A circle has centre G(2,-1). A point H(a,3) on the circumference of the circle is joined to the centre of the circle. if the radius of the circle is 8, find 'a'.

What I need to know is the method for working this type of question out.
Any help would be most appreciated :D

All circles have equation \displaystyle \begin{align*} (x - h)^2 + (y - k)^2 = r^2 \end{align*}, where \displaystyle \begin{align*} (h,k) \end{align*} is the coordinate of the centre, and \displaystyle \begin{align*} r \end{align*} is the radius.

Do you think you can substitute all the appropriate information into this equation?
• Jun 11th 2012, 03:28 AM
Thanks a lot. That was easy :D
I was trying to solve it using the distance formula d = √(x-x)²+(y-y)²
I confused me.
• Jun 11th 2012, 03:42 AM
Prove It
Well, the equation of a circle and the distance formula are in fact equivalent. Both come from Pythagoras' Theorem.
• Jun 11th 2012, 07:54 AM
HallsofIvy
Quote:

Thanks a lot. That was easy :D
I was trying to solve it using the distance formula d = √(x-x)²+(y-y)²
I confused me.

Well, that would confuse me because it is using the same letters, x and y, to represent two different points.

Better is $d= \sqrt{(x_1- x_0)^2+ (y_1- y_0)^2}$

That, applied to this problem, gives $8= \sqrt{(a- 2)^2+ (3-(-1))^2+}= \sqrt{(a- 2)^2+ 4^2}$.

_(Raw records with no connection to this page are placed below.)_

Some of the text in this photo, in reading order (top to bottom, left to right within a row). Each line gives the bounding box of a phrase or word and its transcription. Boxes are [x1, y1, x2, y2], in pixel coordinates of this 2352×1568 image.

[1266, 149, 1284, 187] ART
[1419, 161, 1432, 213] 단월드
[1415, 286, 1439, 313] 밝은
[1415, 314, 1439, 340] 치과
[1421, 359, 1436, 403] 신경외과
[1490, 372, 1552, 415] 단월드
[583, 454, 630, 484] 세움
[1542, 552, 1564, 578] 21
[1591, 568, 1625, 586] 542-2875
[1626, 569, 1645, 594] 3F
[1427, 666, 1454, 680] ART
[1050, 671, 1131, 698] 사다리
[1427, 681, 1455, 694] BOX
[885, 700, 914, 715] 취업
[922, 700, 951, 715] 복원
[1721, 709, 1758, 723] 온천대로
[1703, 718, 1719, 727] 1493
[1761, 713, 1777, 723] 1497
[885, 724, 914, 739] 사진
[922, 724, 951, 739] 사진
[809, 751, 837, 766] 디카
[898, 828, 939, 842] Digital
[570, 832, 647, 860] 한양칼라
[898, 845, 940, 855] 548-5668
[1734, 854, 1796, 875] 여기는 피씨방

Squaring both sides, $64= (a- 2)^2+ 16$ so that $(a- 2)^2= 64- 16= 48$. From that, $a- 2= \pm\sqrt{48}= \pm4\sqrt{3}$. There are two solutions because there are two such points.
• Jun 11th 2012, 05:35 PM
Deveno
i just drew a circle centered at (2,-1) of radius 8. we want to know the x-coordinate(s) of the point(s) where this circle intersects the line y = 3.

if one draws a right triangle, formed by (2,-1), (a,-1) and (a,3), one sees immediately that the hypotenuse has length 8, the vertical leg has height 4 ( = 3 - (-1)), and the horizontal leg has length |a-2| (a could be to the left of the center).

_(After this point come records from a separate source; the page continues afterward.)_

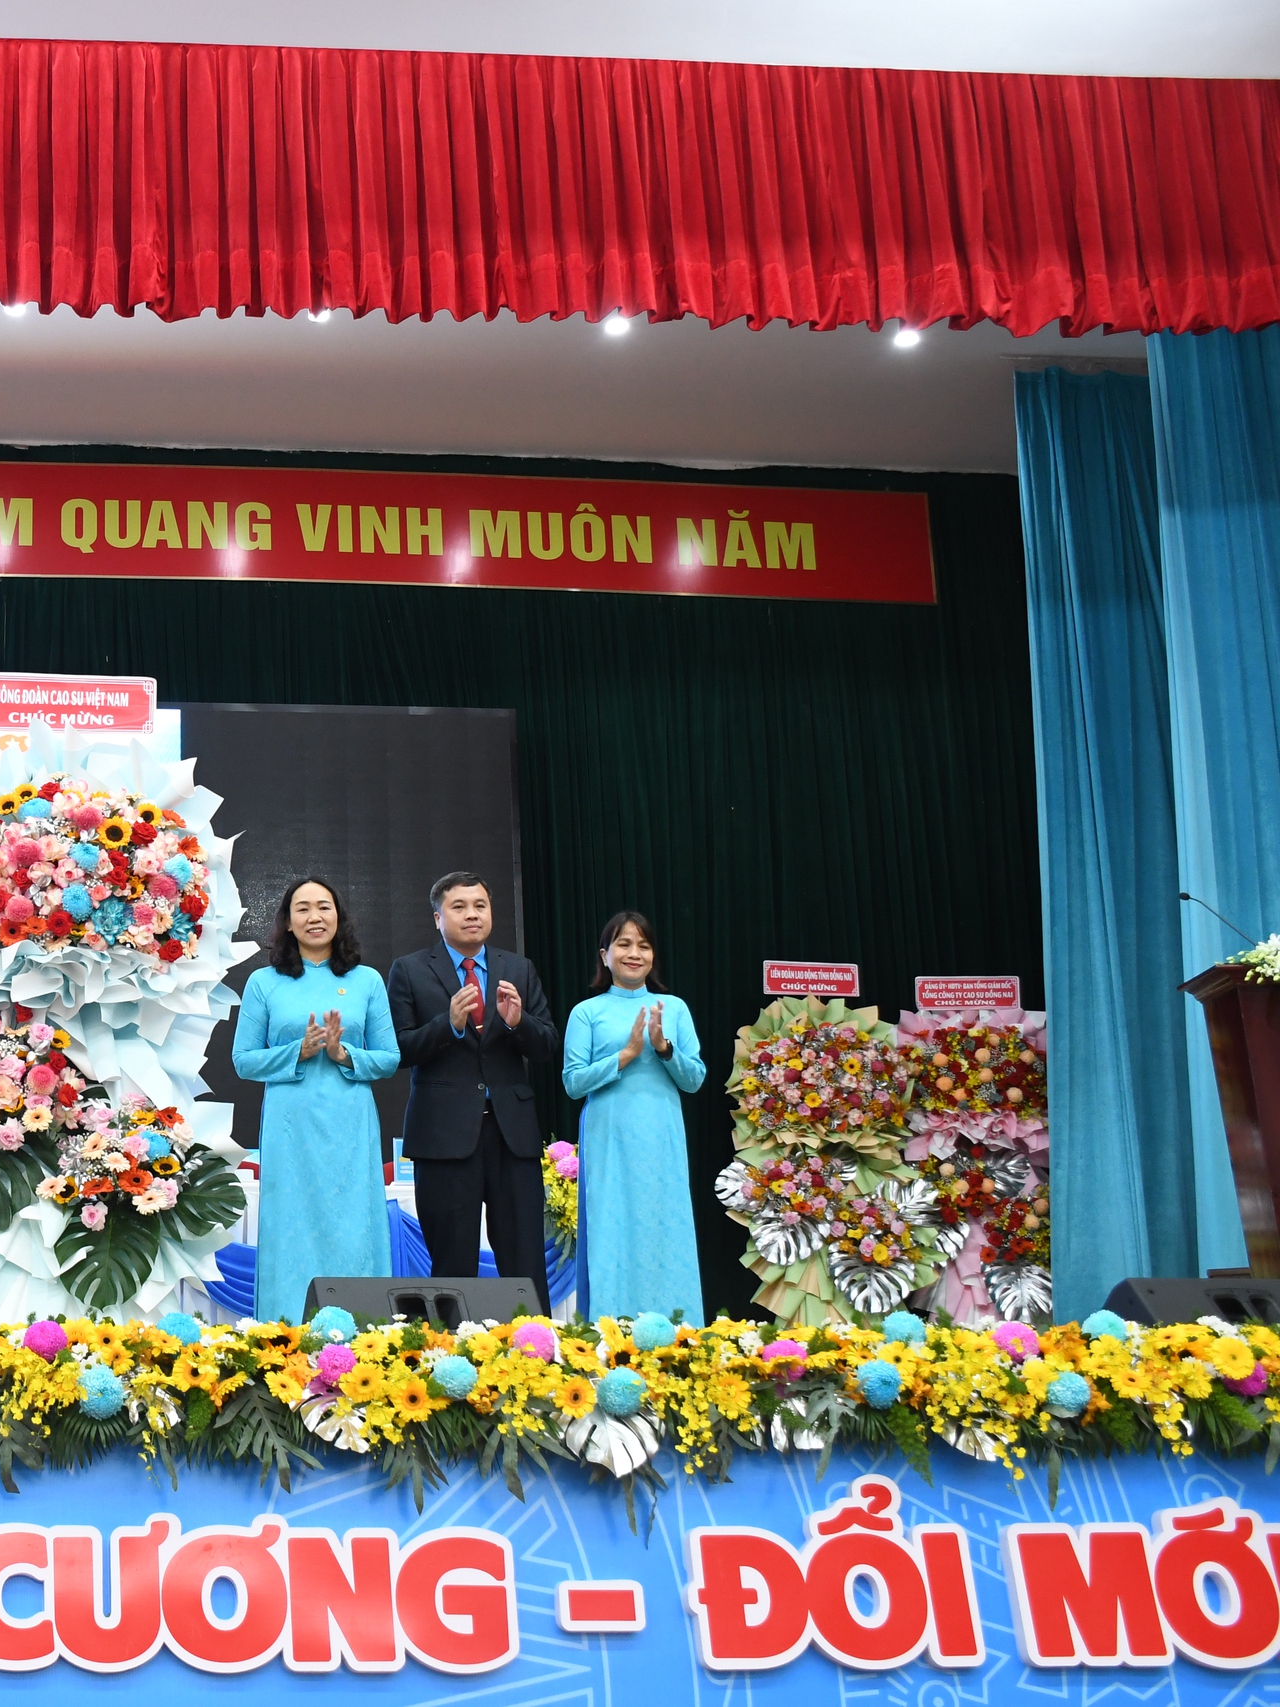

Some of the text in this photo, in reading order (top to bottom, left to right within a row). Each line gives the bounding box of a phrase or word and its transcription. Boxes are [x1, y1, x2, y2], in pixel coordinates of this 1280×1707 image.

[59, 497, 273, 554] QUANG
[294, 502, 445, 557] VINH
[469, 501, 654, 565] MUÔN
[674, 508, 818, 572] NĂM
[22, 685, 49, 705] ĐOÀN
[50, 690, 70, 706] CAO
[71, 690, 84, 706] SU
[85, 687, 106, 710] VIỆT
[107, 692, 129, 707] NAM
[7, 709, 114, 726] CHÚC MỪNG
[780, 982, 837, 991] CHÚC MỪNG
[938, 990, 954, 999] CÔNG
[695, 1479, 982, 1662] ĐỔI

by the pythagorean theorem:

(a-2)2 + 16 = 64, just as HallsofIvy derived.

(EDIT: there are good reasons why all three answers given to you will lead to the same answer. in a sense, circles ARE "distance measuring curves", that is: the formula for distance, and the formula for the equation of a circle are two different ways to interpret the pythagorean equation:

A2 + B2 = C2.

circles hold "C" constant, and let "A" and "B" vary, while distance interprets "C" as a function of "A" and "B". in other words, circles implicitly define one leg length of the inscribed right triangles as a function of the other leg's length, while the distance formula explicitly calculates the hypotenuse, given the legs.

i often find it amazing that "pointy" things like triangles, and "line length" things (like distance) are so intimately bound up with the notion of a circle, which is neither pointy nor "linear". this "pythagorean connection" often shows up in unexpected areas in many branches of mathematics. it's THAT deep.)